Brief >> Restate each entry exactly, without pictures.

[Recorded data]
┄┄┄┄┄┄┄┄┄┄┄┄┄┄┄┄┄┄┄┄
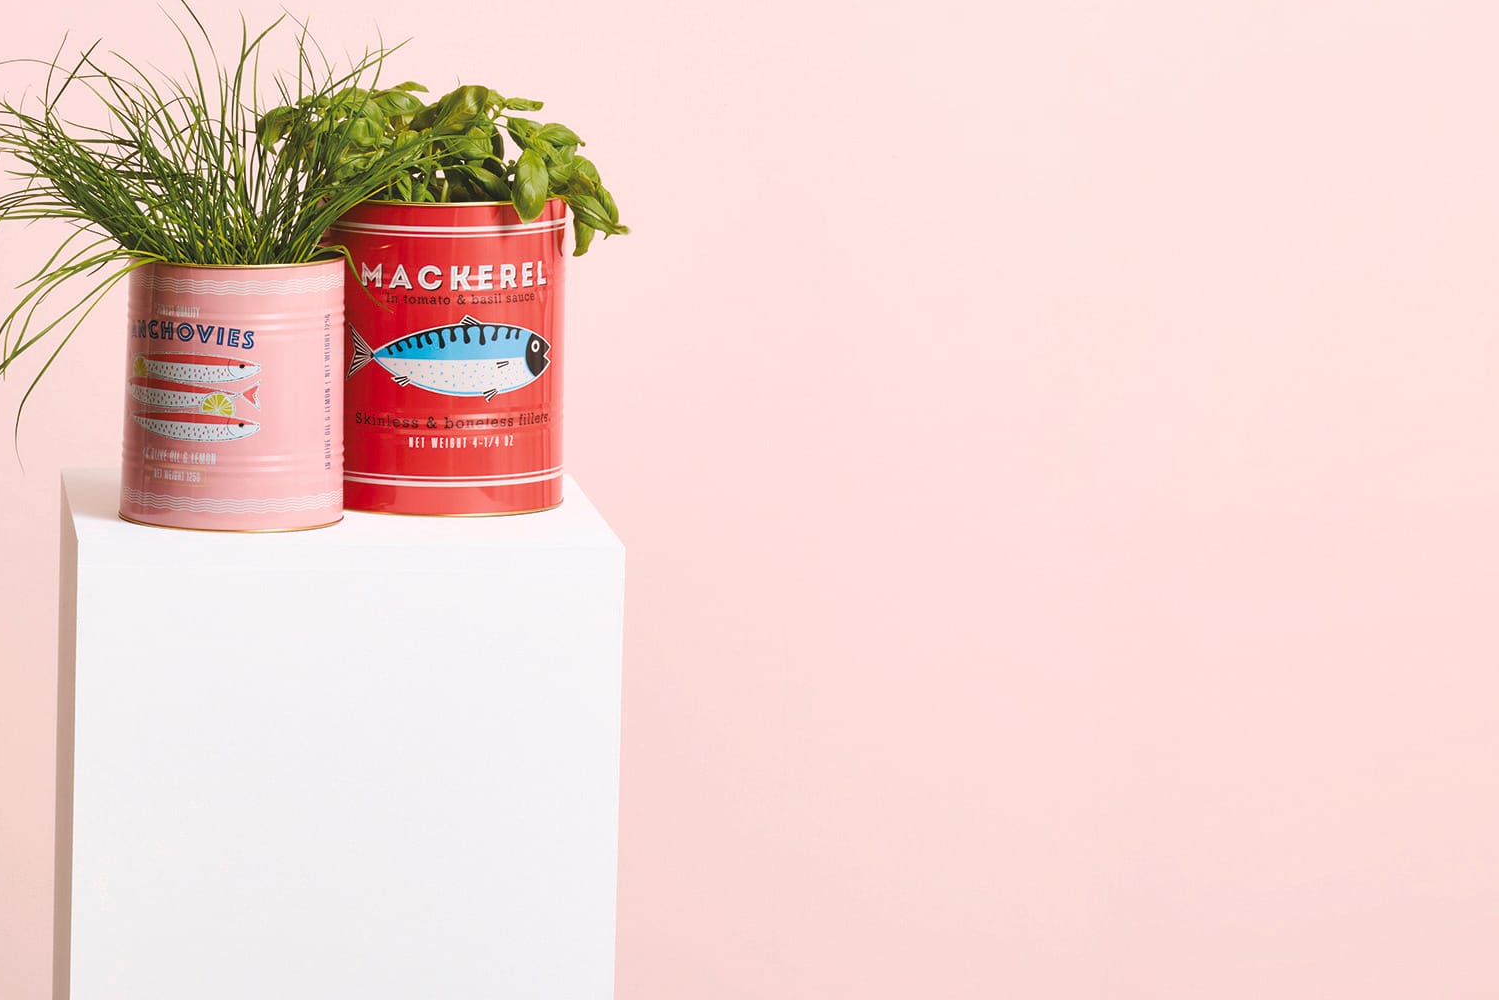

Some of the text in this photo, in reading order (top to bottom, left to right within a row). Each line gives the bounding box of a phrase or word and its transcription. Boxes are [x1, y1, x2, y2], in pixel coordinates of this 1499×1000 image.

[361, 261, 547, 291] MACKEREL
[386, 291, 536, 306] In tomato & basil sauce
[132, 320, 255, 349] ANCHOVIES
[355, 411, 419, 429] Skinless
[426, 416, 437, 429] &
[444, 416, 514, 429] boneless
[408, 434, 515, 449] NET WEIGHT 4-1/4 OZ
[191, 452, 217, 465] LEMON
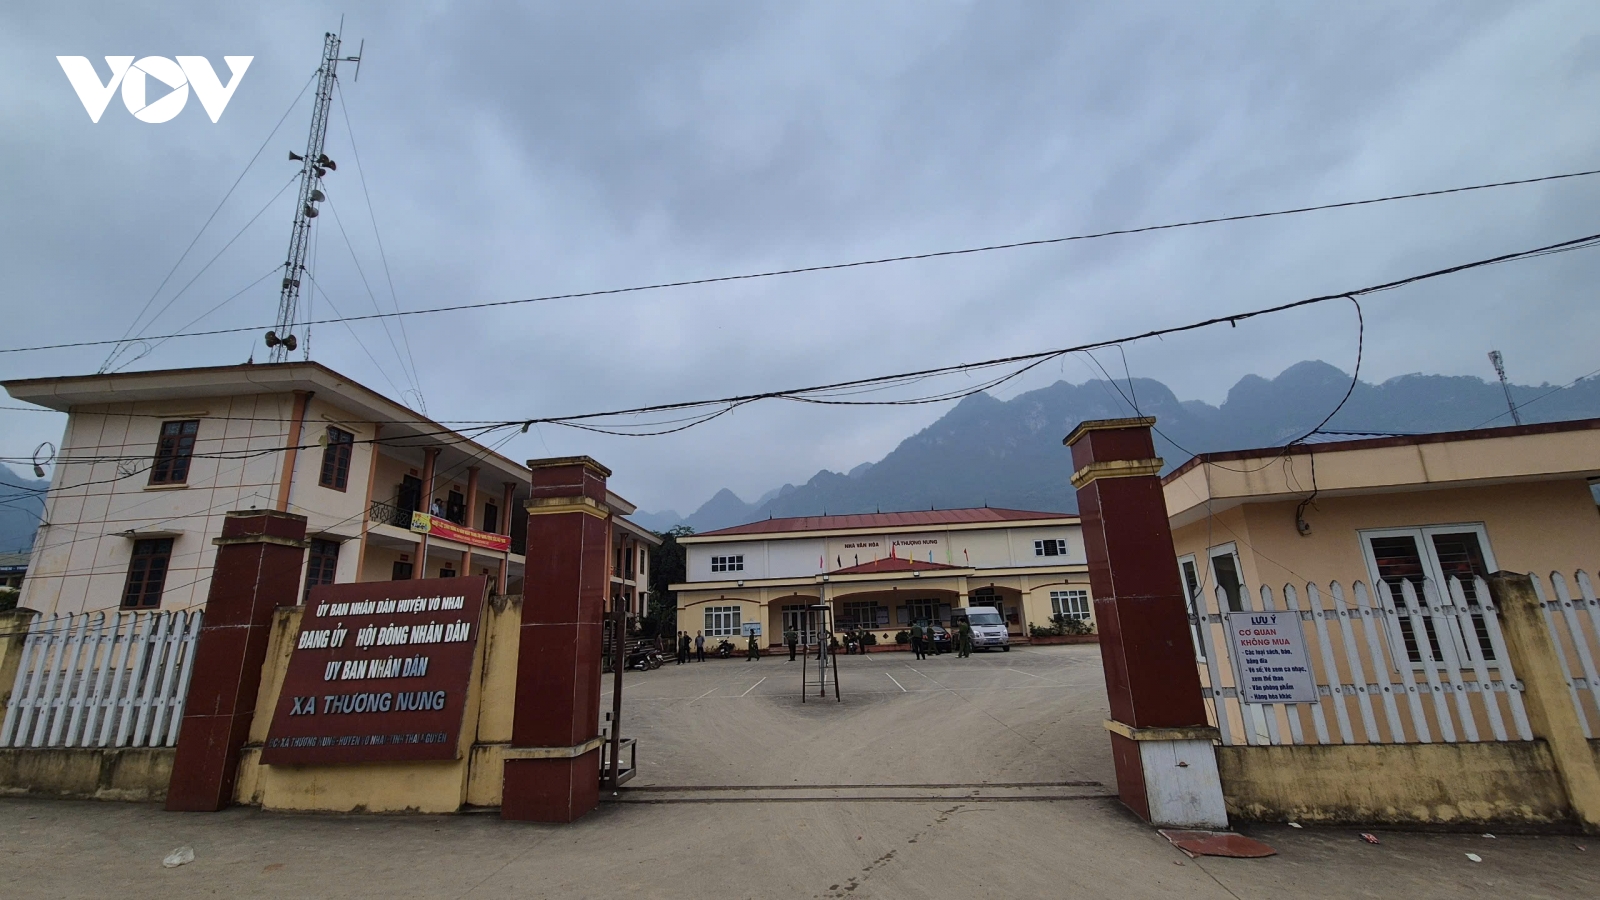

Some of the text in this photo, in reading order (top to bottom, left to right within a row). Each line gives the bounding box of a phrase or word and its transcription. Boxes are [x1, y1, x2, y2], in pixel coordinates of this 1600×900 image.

[316, 595, 464, 617] ỦY BAN NHÂN DÂN HUYỆN VÕ NHAI
[1251, 614, 1276, 624] LƯU Ý
[330, 622, 348, 648] ỦY
[355, 623, 378, 650] HỘI
[409, 620, 444, 644] NHÂN
[444, 619, 470, 643] DÂN
[1241, 638, 1290, 646] KHÔNG MUA
[341, 660, 367, 680] BAN
[367, 655, 402, 679] NHÂN
[402, 654, 429, 678] DÂN
[395, 691, 446, 711] NUNG
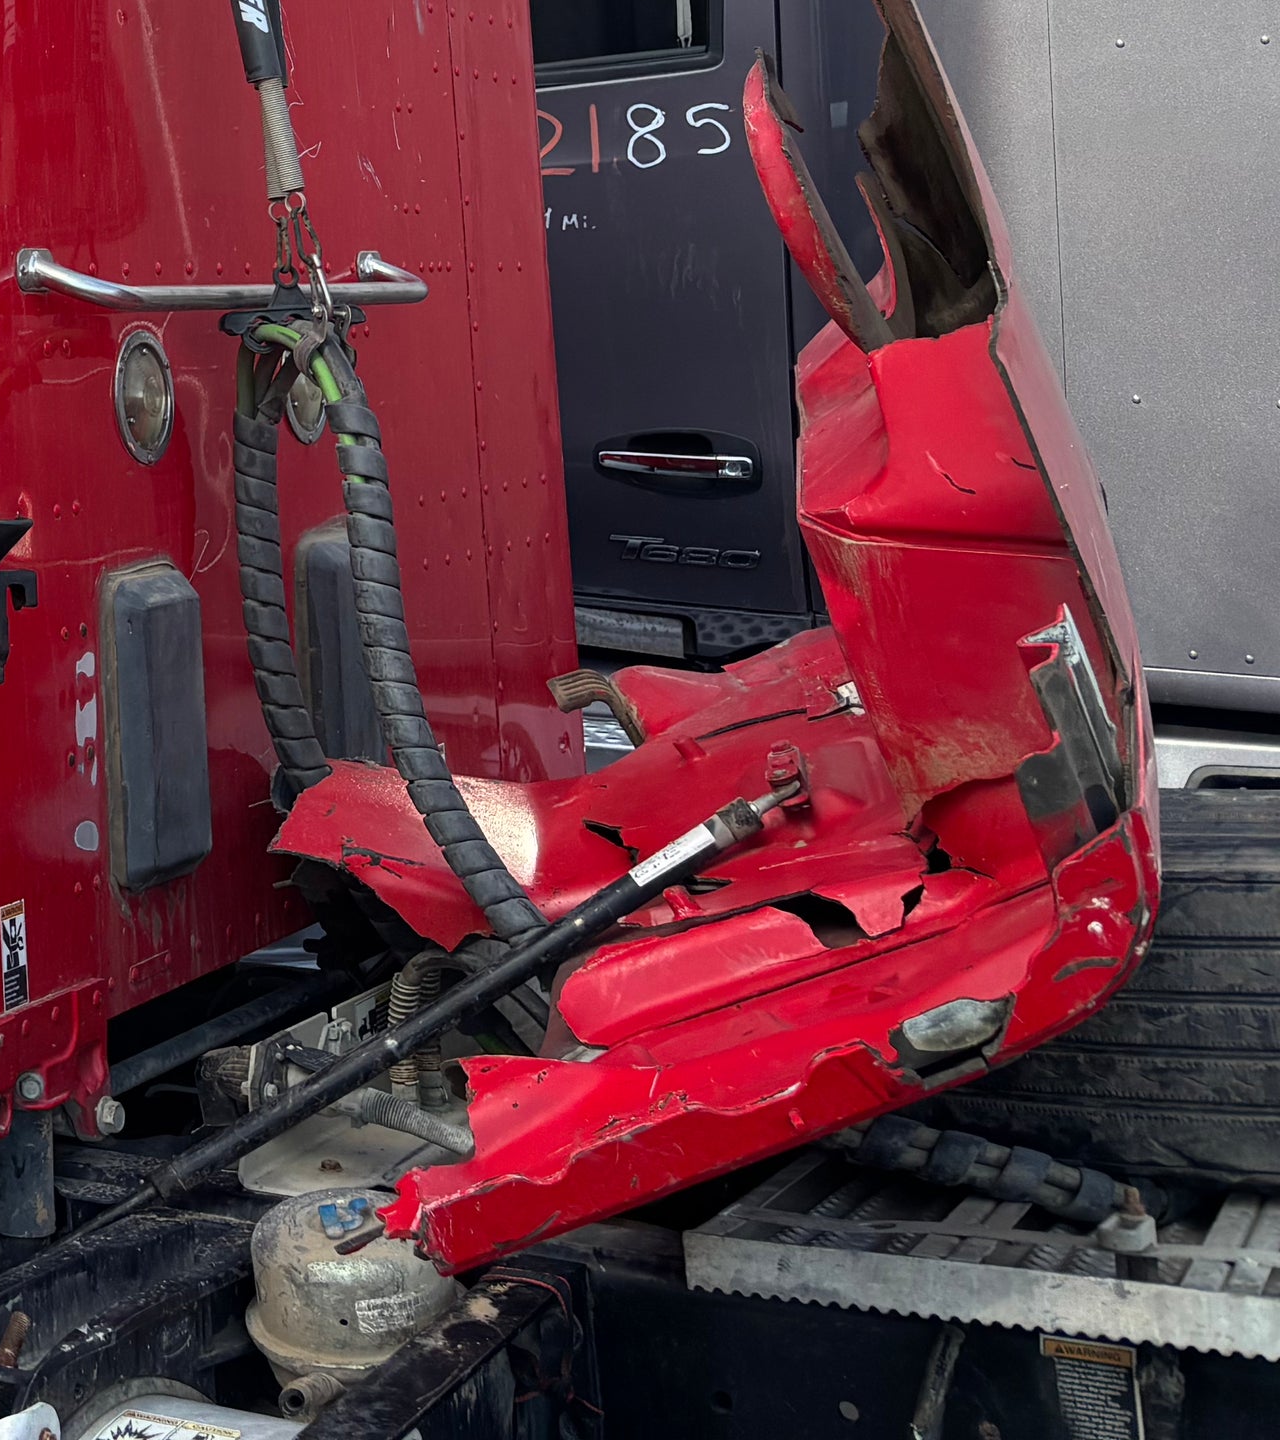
┄┄┄┄┄┄┄┄┄┄┄┄┄┄┄┄┄┄┄┄
Reply >>
Some of the text in this photo, in reading order (top to bottom, left to right within a row). Each line gives the bounding box of a phrase or word and its transcription. Boxes are [x1, y1, x2, y2], in pixel coordinates of this 1499×1000 image.

[361, 261, 547, 291] MACKEREL
[386, 291, 536, 306] In tomato & basil sauce
[132, 320, 255, 349] ANCHOVIES
[355, 411, 419, 429] Skinless
[426, 416, 437, 429] &
[444, 416, 514, 429] boneless
[408, 434, 515, 449] NET WEIGHT 4-1/4 OZ
[191, 452, 217, 465] LEMON

Some of the text in this photo, in reading order (top to bottom, left to right within a row). Each line gives the bounding box of a phrase or word and its transcription. Boxes are [x1, y1, x2, y2], in pixel coordinates of this 1600×900 image.

[316, 595, 464, 617] ỦY BAN NHÂN DÂN HUYỆN VÕ NHAI
[1251, 614, 1276, 624] LƯU Ý
[330, 622, 348, 648] ỦY
[355, 623, 378, 650] HỘI
[409, 620, 444, 644] NHÂN
[444, 619, 470, 643] DÂN
[1241, 638, 1290, 646] KHÔNG MUA
[341, 660, 367, 680] BAN
[367, 655, 402, 679] NHÂN
[402, 654, 429, 678] DÂN
[395, 691, 446, 711] NUNG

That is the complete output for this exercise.